Posted on 2010.01.07 at 12:19
I was waiting for the perfect one
Who would bring me out of coldness, into the sun,
And with first sight, I wonder if it could be you
If what I’m feeling is actually true.

Your loving eyes have warm my heart
And already it was a brilliant start,
Just to see you smile that special way,
Warm as summer on a chilly winter day.

And with a laugh so true and crystal clear,
You wipe away every bit of fear,
And my trust will mend,
over time with no intend.

Your touch so soft and full of care,
Is far more tender than a gentle breeze of air,
And your manners compares with the best
And it’s outstanding from those of the rest.

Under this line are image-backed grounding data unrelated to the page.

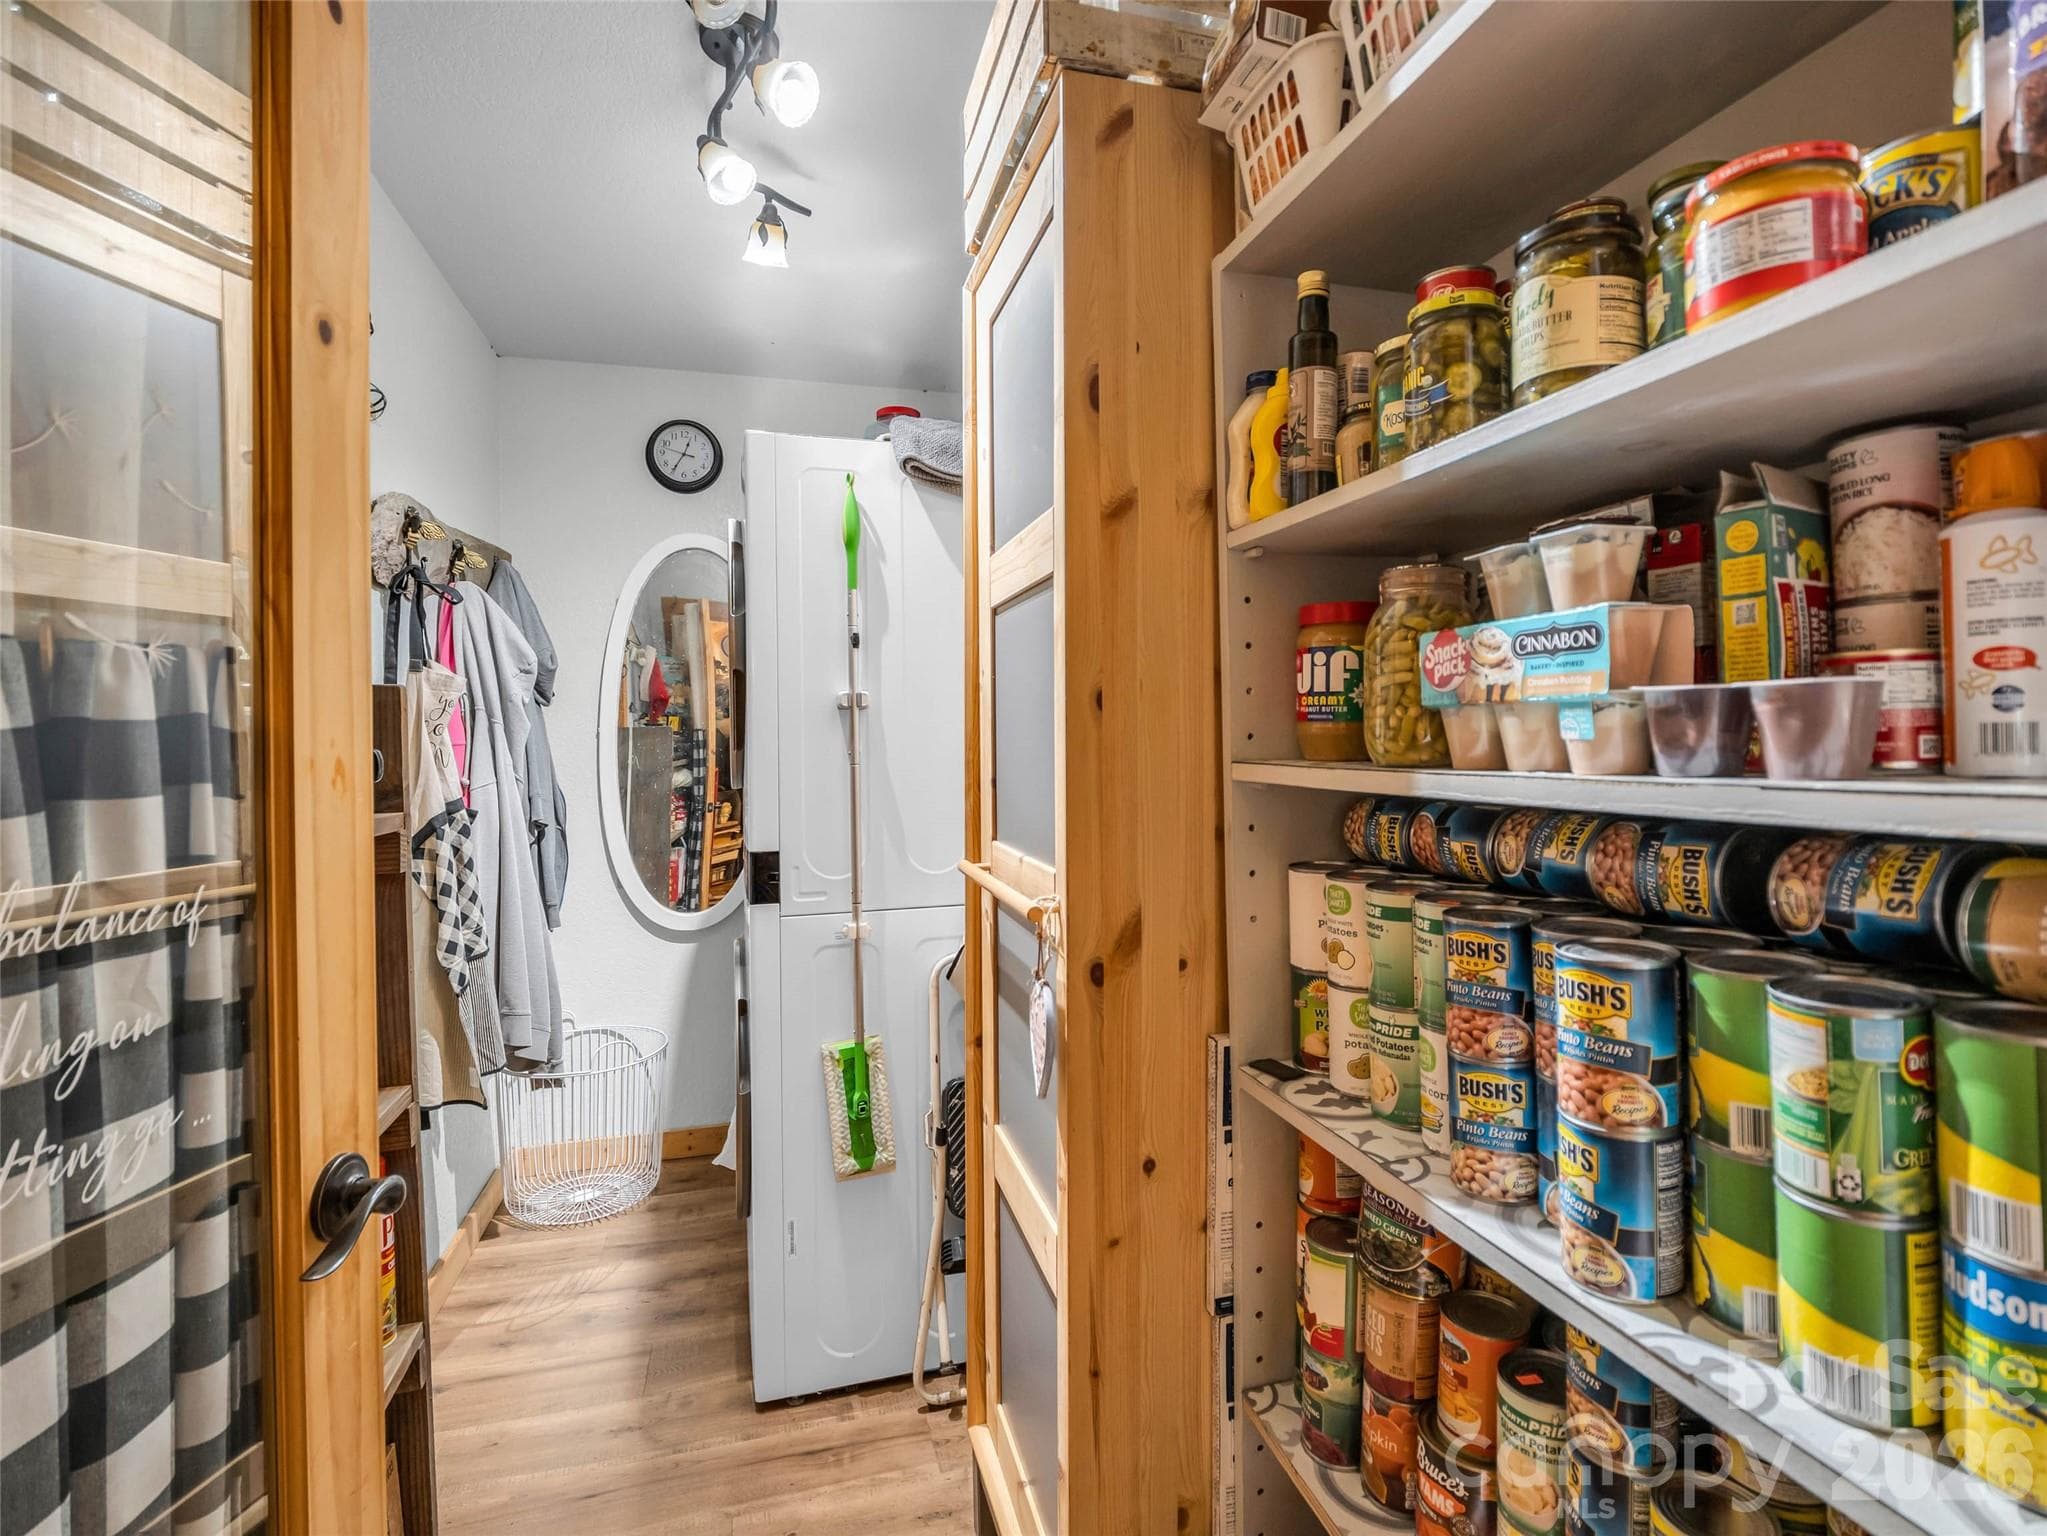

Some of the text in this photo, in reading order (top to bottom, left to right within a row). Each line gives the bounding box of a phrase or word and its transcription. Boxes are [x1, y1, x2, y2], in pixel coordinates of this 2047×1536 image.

[671, 432, 678, 441] 11
[680, 430, 689, 439] 12
[660, 449, 666, 457] 9
[663, 460, 669, 468] 8
[681, 471, 687, 479] 6
[692, 470, 697, 478] 5
[1516, 627, 1598, 654] CINNABON
[1819, 611, 1829, 652] RAIS
[1425, 638, 1468, 669] Snack
[1297, 650, 1360, 695] Jif
[1433, 659, 1467, 684] pack
[1301, 696, 1345, 706] CREAMY
[1387, 815, 1402, 863] BUSH'S
[1647, 840, 1659, 872] Pinto
[1682, 848, 1708, 917] BUSH'S
[1840, 866, 1861, 914] Beans
[172, 884, 210, 948] of
[1447, 936, 1507, 964] BUSH'S
[1460, 959, 1487, 969] BEST
[1447, 980, 1513, 1002] Pinto Beans
[1558, 975, 1627, 1012] BUSH'S
[1571, 1004, 1602, 1016] BEST
[110, 1011, 171, 1052] on
[1376, 1022, 1413, 1039] PRIDE
[1558, 1027, 1634, 1058] Pinto Beans
[1344, 1039, 1370, 1052] pota
[1376, 1037, 1416, 1054] Potatoes
[1495, 1040, 1524, 1050] Recipes
[1459, 1075, 1523, 1104] BUSH'S
[1474, 1100, 1505, 1109] BEST
[1612, 1104, 1648, 1115] Recipes
[1457, 1119, 1529, 1142] Pinto Beans
[121, 1106, 185, 1184] go
[1561, 1135, 1595, 1174] SH'S
[1363, 1182, 1429, 1228] SEASONED
[1563, 1187, 1601, 1221] Beans
[1383, 1223, 1418, 1244] GREENS
[1581, 1262, 1614, 1278] Recipes
[1570, 1357, 1602, 1392] Beans
[1369, 1428, 1398, 1455] pkin
[1417, 1435, 1469, 1498] Bruce's

Your angelic voice, with golden quality,
Is brilliant, and possess no vanity,
And I still hear you say
My name in such a way,

That I can’t help to smile inside
And feel that over difficulties I could glide
till next time we meet....

Jade Wolf New

Would you catch me if I was falling

Posted on 2010.01.07 at 11:55
I'm falling faster than I had expected
I realized that life can cut you down

My friends are gone and family left
My life is just a crazy mess

But as I lay here I look at your eyes
And the questions in my mind erupt

'Would you catch me if I was falling
Would you hold me and never let me go
If I was crying can I lay my head in your lap
Will you brush my hair out of my face
And will you smile down on this aching soul
Will you breath your undying love into my mouth
And promise to protect this fragile heart from hell? '

But the one question that was stuck in my mind
‘would you catch me if I was falling? '

Jade Wolf New

Moving!

Posted on 2009.10.02 at 13:20
 Well today is moving day. 
i'm so excited.. nervous and stress..
mostly the last two.

well my boyfriend and I have signed a 1 year lease for a flat in Berwyn  IL.
Don't want to say much cause i don't want to jinx it.



Jade Wolf New

In A Realationship With No One...?

Posted on 2009.09.04 at 21:30
I am...: United States, Burr Ridge, IL
Current Mood: depresseddepressed
 I feel like I’m doing this all by myself like I’m in a relationship with no one.
I constantly have conversations with a brick wall. I don’t know if I can do this anymore.
The pain inside of me builds each day with the less and less I see you and speak to you.  I find myself crying myself to sleep more and more often.
Your co-workers know more about you then your own girlfriend does. They spend more time with you too
.I understand that we are both under a lot of stress, with you being a full time worker and full time student but it doesn’t mean you have to be a part-time boyfriend. I miss spending time with you. I want to know how school is going, how work is going and just in general how your life is going. I care about you.
I need us to have an actual conversation. We need to sit down and really discuss things two sidedly. I need your help. Not just with finding an apartment but with life. I hate having to plan things all by myself. Thing that involves both of us, that should both of our decisions.
I know you don’t like it when I nag, but I can’t get through to you any other way. I have try and try again by asking nicely but in return I get nothing, no action, not even a response. What am I supposed to do? Where are we to go from here?
I feel like I shouldn’t have to remind you about some of the thing I do. I am a control freak I guess and I like to have a handle on my life. Right now my life seems like a mess, like my room. Clothes dirty and clean scattered throughout the floor, week old food on my bedside desk, unfinished art all over my desk, random objects thrown here and there.This is what my life feels like right now, messy, the clothes are things that I need to hang up, the week old food is stuff I need to throw out, the unfinished art are things I must finish, but have no inspiration to do so. The random objects are obstacles I must step over. Will you help me clean up my room and my life?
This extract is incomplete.